The Battle for the Senate

How will economic anxiety and political tumult affect this fall's congressional elections?

The political landscape littered with casualties, the 2010 election now gets under way in earnest. It may not feature a presidential contest, but that's about all it is lacking.

The elections have Tea Party candidates, sex scandals, lie detector tests, third parties, professional wrestling magnates, intra-party squabbling and more. Thirty-seven Senate seats are at stake, there are races for governor in 37 states, and all of the seats in the House of Representatives are at stake. Control of Congress is really up for grabs this year, as Democrats are trying to hold on to House and Senate majorities in the face of agitated, "throw the bums out" public sentiment.

Republicans are salivating at the thought of controlling the House and Senate, but have already been singed by the anti-incumbent fire. And the issues are as big as ever: Social Security, Medicare, health insurance reform, taxes, the federal deficit and immigration top the list of concerns.

Republicans have attracted the punishing focus of anti-establishment Tea Party activists, even though that’s a double-edged sword.
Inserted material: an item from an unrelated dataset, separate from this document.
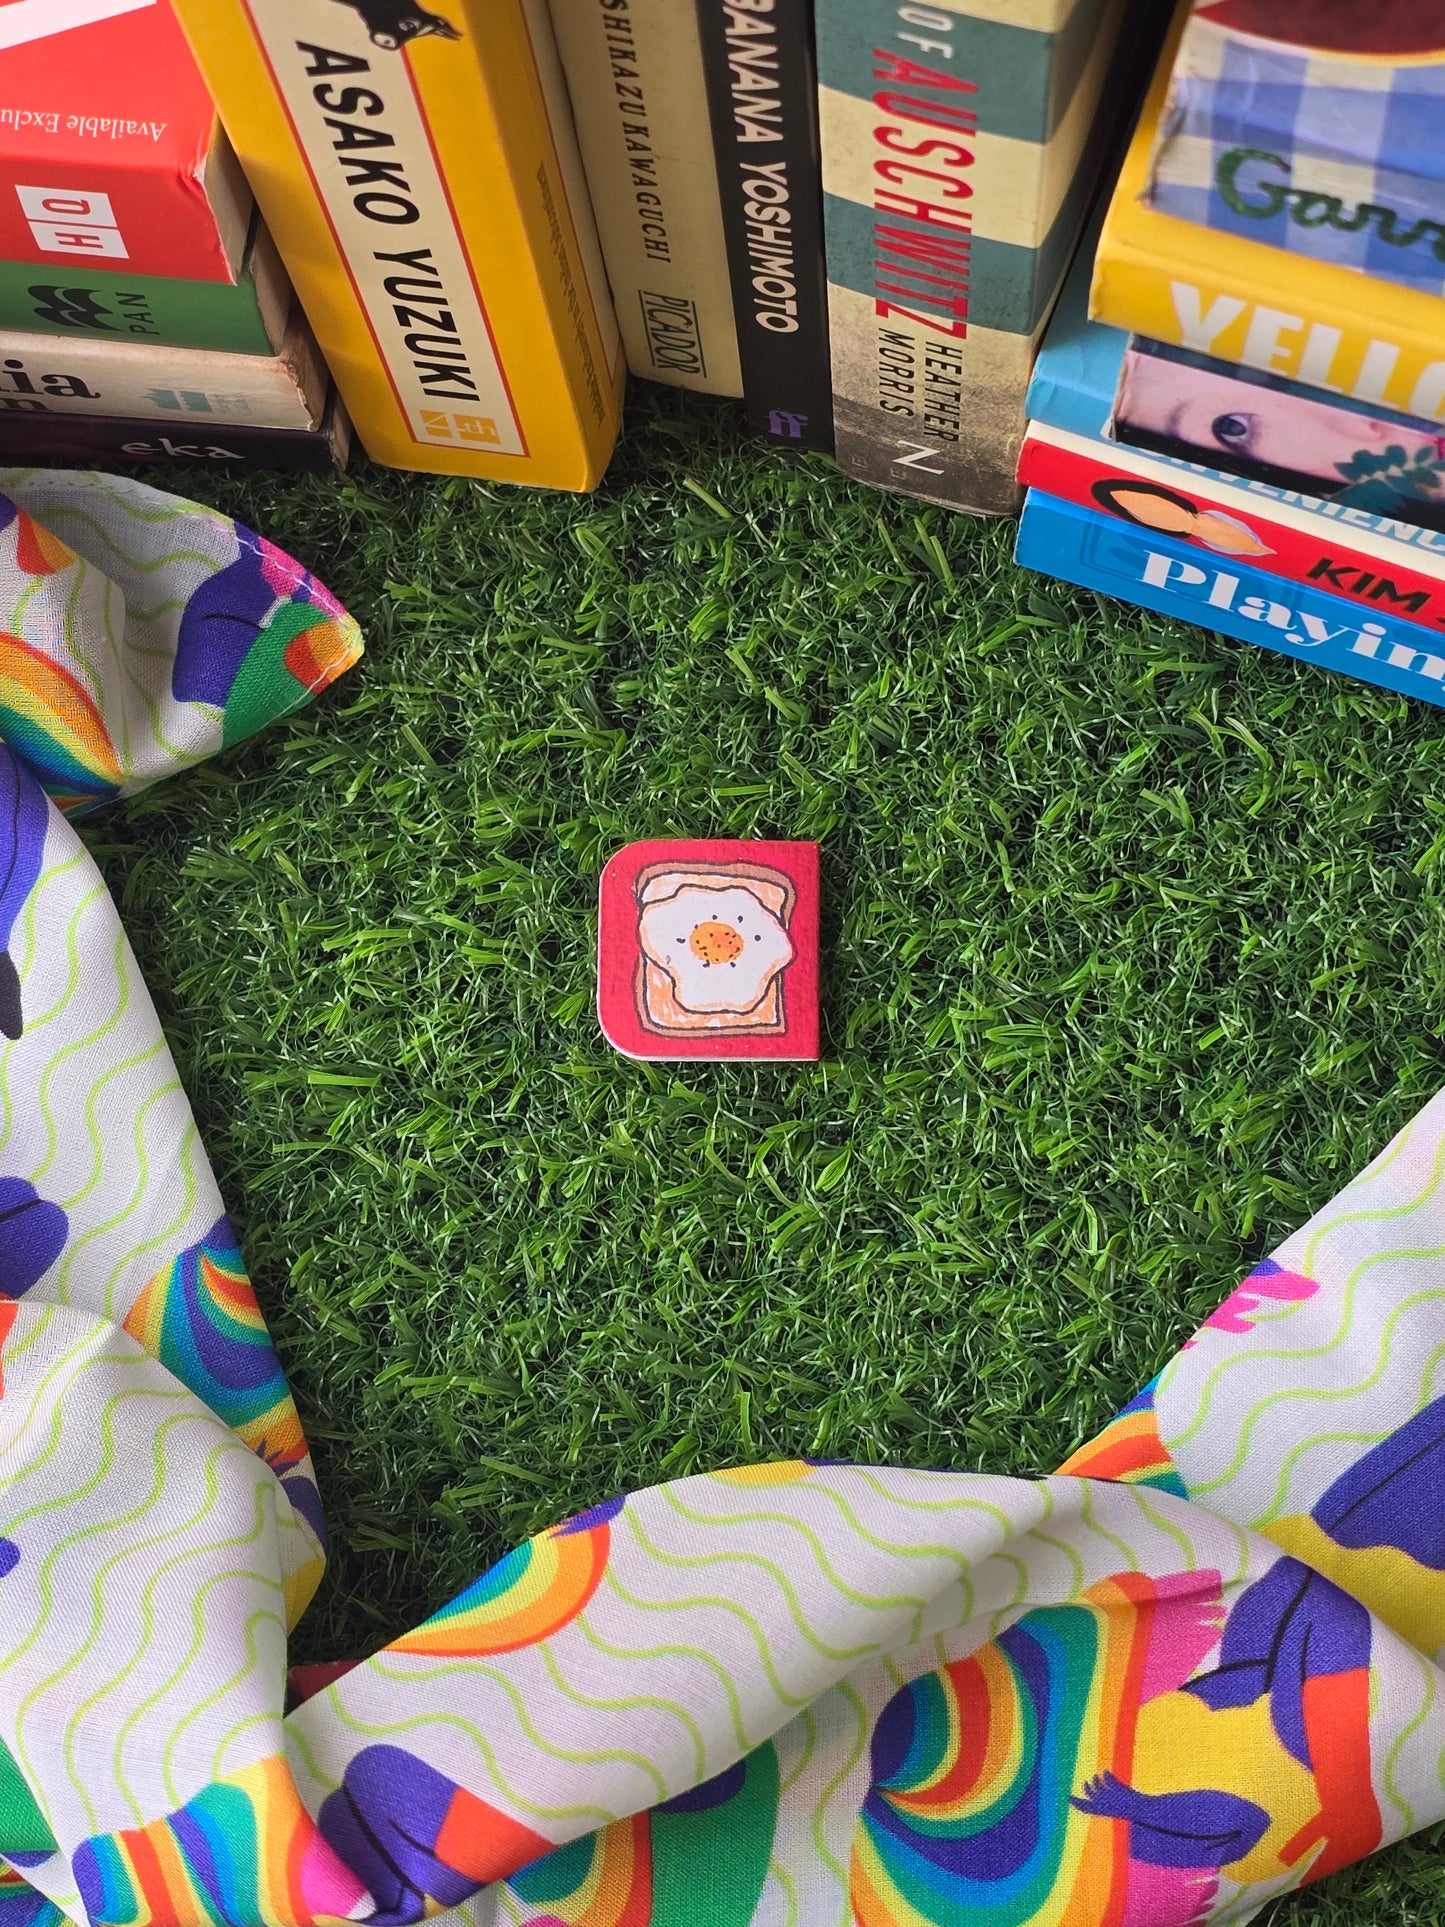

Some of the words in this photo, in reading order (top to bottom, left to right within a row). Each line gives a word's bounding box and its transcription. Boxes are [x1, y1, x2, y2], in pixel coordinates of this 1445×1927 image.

Although Tea Party-backed challengers have defeated Republican incumbents in heavily Republican Utah and Alaska, they have also beaten candidates in Florida, Nevada and Delaware, giving Democrats a chance to win there.

In Delaware, for example, GOP voters chose perennial candidate Christine O’Donnell over longtime moderate Rep. Mike Castle for the Senate seat once held by Vice President Joe Biden. O’Donnell has been accused of campaign irregularities stemming from an earlier contest, and political experts say she will be a much weaker candidate than Castle would have been against the little-known Democratic candidate, Chris Coons, giving Democrats who had all but given up on the seat new hope. 

In New York, Buffalo multimillionaire Carl Paladino won the Republican nomination for governor over former Rep. Rick Lazio, again stunning the GOP establishment. Paladino, a blustery populist and first-time candidate who travels with a pit bull named Duke, will go up against Attorney General Andrew Cuomo.

For the Democrats, there's no shortage of problems—the economy, two wars, the oil spill in the Gulf of Mexico, health care reform and financial reform. They've combined to hurt incumbents this election year. Most of those incumbents are Democrats, leading to speculation that another political apocalypse, similar to 1994, could occur, when Republicans ended 40 years of Democratic control. In addition, President Barack Obama's approval ratings are as low as they have been at any time in his still-short presidency.

Those fears may be exaggerated, according to University of Virginia political guru Larry Sabato, but they are real. In 1994, Sabato says, House Democrats were more exposed than they are today because more than half the seats they were defending (128) were in districts that had voted for the Republican presidential candidate in at least one of the previous two elections. This year, just one-third of the Democratic seats (85) fall into that category.

But if even half of those seats go Republican, still a bit of a long shot, the House would swing Republican.

Former House Speaker Newt Gingrich, R-Ga., architect of the 1994 GOP takeover, says the landscape is ripe for another Republican wave, but the Republicans have to do some things to take advantage of the terrain.

"There are lots of things out there that could cause [the GOP] trouble, but if I had to choose which hand I'd rather play, I'd rather play the Republican," said Gingrich.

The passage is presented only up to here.